__What you need to do__. Return the records below word for word.

═════ Records supplied

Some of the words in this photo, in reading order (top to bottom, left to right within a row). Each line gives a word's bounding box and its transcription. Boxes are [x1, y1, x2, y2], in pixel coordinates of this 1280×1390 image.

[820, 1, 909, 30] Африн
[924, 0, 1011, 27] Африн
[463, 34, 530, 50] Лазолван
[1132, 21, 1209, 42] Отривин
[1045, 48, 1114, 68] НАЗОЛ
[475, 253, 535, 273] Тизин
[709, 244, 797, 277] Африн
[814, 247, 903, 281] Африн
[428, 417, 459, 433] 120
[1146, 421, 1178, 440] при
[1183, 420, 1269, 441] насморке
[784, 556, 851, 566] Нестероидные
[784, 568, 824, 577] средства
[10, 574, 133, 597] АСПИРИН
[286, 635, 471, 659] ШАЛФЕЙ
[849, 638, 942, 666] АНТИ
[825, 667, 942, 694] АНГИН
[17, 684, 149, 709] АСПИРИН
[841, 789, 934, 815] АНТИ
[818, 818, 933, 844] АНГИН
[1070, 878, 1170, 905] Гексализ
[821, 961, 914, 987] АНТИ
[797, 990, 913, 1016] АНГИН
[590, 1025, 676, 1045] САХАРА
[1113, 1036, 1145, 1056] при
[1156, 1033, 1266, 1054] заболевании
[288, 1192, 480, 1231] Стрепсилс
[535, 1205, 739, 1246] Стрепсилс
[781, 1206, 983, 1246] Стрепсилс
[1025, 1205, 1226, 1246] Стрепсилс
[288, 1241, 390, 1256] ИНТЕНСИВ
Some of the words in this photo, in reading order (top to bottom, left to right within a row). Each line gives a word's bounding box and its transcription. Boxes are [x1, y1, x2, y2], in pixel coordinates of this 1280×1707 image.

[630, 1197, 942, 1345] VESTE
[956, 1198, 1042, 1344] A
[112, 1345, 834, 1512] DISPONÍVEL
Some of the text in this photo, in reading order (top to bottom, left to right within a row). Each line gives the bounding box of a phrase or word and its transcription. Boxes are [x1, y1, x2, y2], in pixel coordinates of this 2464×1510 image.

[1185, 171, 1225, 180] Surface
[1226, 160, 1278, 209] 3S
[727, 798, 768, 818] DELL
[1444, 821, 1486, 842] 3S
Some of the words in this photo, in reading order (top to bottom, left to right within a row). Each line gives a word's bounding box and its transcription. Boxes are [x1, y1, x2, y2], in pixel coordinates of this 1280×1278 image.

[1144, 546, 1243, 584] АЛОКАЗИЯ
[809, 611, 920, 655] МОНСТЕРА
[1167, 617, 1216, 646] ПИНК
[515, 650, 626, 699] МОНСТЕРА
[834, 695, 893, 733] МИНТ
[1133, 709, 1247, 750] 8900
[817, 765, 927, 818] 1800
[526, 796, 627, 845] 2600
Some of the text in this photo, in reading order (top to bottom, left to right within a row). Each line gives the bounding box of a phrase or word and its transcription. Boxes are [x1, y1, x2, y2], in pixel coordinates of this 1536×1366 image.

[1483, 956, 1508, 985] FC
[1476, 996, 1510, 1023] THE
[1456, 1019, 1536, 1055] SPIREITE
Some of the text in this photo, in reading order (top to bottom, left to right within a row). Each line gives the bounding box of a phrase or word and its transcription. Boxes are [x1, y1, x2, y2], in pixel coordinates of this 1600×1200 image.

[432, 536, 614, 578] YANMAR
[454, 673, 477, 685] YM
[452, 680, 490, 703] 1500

══════════

__Solution to this task__.
Some of the words in this photo, in reading order (top to bottom, left to right within a row). Each line gives a word's bounding box and its transcription. Boxes are [x1, y1, x2, y2], in pixel coordinates of this 1280×1390 image.

[820, 1, 909, 30] Африн
[924, 0, 1011, 27] Африн
[463, 34, 530, 50] Лазолван
[1132, 21, 1209, 42] Отривин
[1045, 48, 1114, 68] НАЗОЛ
[475, 253, 535, 273] Тизин
[709, 244, 797, 277] Африн
[814, 247, 903, 281] Африн
[428, 417, 459, 433] 120
[1146, 421, 1178, 440] при
[1183, 420, 1269, 441] насморке
[784, 556, 851, 566] Нестероидные
[784, 568, 824, 577] средства
[10, 574, 133, 597] АСПИРИН
[286, 635, 471, 659] ШАЛФЕЙ
[849, 638, 942, 666] АНТИ
[825, 667, 942, 694] АНГИН
[17, 684, 149, 709] АСПИРИН
[841, 789, 934, 815] АНТИ
[818, 818, 933, 844] АНГИН
[1070, 878, 1170, 905] Гексализ
[821, 961, 914, 987] АНТИ
[797, 990, 913, 1016] АНГИН
[590, 1025, 676, 1045] САХАРА
[1113, 1036, 1145, 1056] при
[1156, 1033, 1266, 1054] заболевании
[288, 1192, 480, 1231] Стрепсилс
[535, 1205, 739, 1246] Стрепсилс
[781, 1206, 983, 1246] Стрепсилс
[1025, 1205, 1226, 1246] Стрепсилс
[288, 1241, 390, 1256] ИНТЕНСИВ
Some of the words in this photo, in reading order (top to bottom, left to right within a row). Each line gives a word's bounding box and its transcription. Boxes are [x1, y1, x2, y2], in pixel coordinates of this 1280×1707 image.

[630, 1197, 942, 1345] VESTE
[956, 1198, 1042, 1344] A
[112, 1345, 834, 1512] DISPONÍVEL
Some of the text in this photo, in reading order (top to bottom, left to right within a row). Each line gives the bounding box of a phrase or word and its transcription. Boxes are [x1, y1, x2, y2], in pixel coordinates of this 2464×1510 image.

[1185, 171, 1225, 180] Surface
[1226, 160, 1278, 209] 3S
[727, 798, 768, 818] DELL
[1444, 821, 1486, 842] 3S
Some of the words in this photo, in reading order (top to bottom, left to right within a row). Each line gives a word's bounding box and its transcription. Boxes are [x1, y1, x2, y2], in pixel coordinates of this 1280×1278 image.

[1144, 546, 1243, 584] АЛОКАЗИЯ
[809, 611, 920, 655] МОНСТЕРА
[1167, 617, 1216, 646] ПИНК
[515, 650, 626, 699] МОНСТЕРА
[834, 695, 893, 733] МИНТ
[1133, 709, 1247, 750] 8900
[817, 765, 927, 818] 1800
[526, 796, 627, 845] 2600
Some of the text in this photo, in reading order (top to bottom, left to right within a row). Each line gives the bounding box of a phrase or word and its transcription. Boxes are [x1, y1, x2, y2], in pixel coordinates of this 1536×1366 image.

[1483, 956, 1508, 985] FC
[1476, 996, 1510, 1023] THE
[1456, 1019, 1536, 1055] SPIREITE
Some of the text in this photo, in reading order (top to bottom, left to right within a row). Each line gives the bounding box of a phrase or word and its transcription. Boxes are [x1, y1, x2, y2], in pixel coordinates of this 1600×1200 image.

[432, 536, 614, 578] YANMAR
[454, 673, 477, 685] YM
[452, 680, 490, 703] 1500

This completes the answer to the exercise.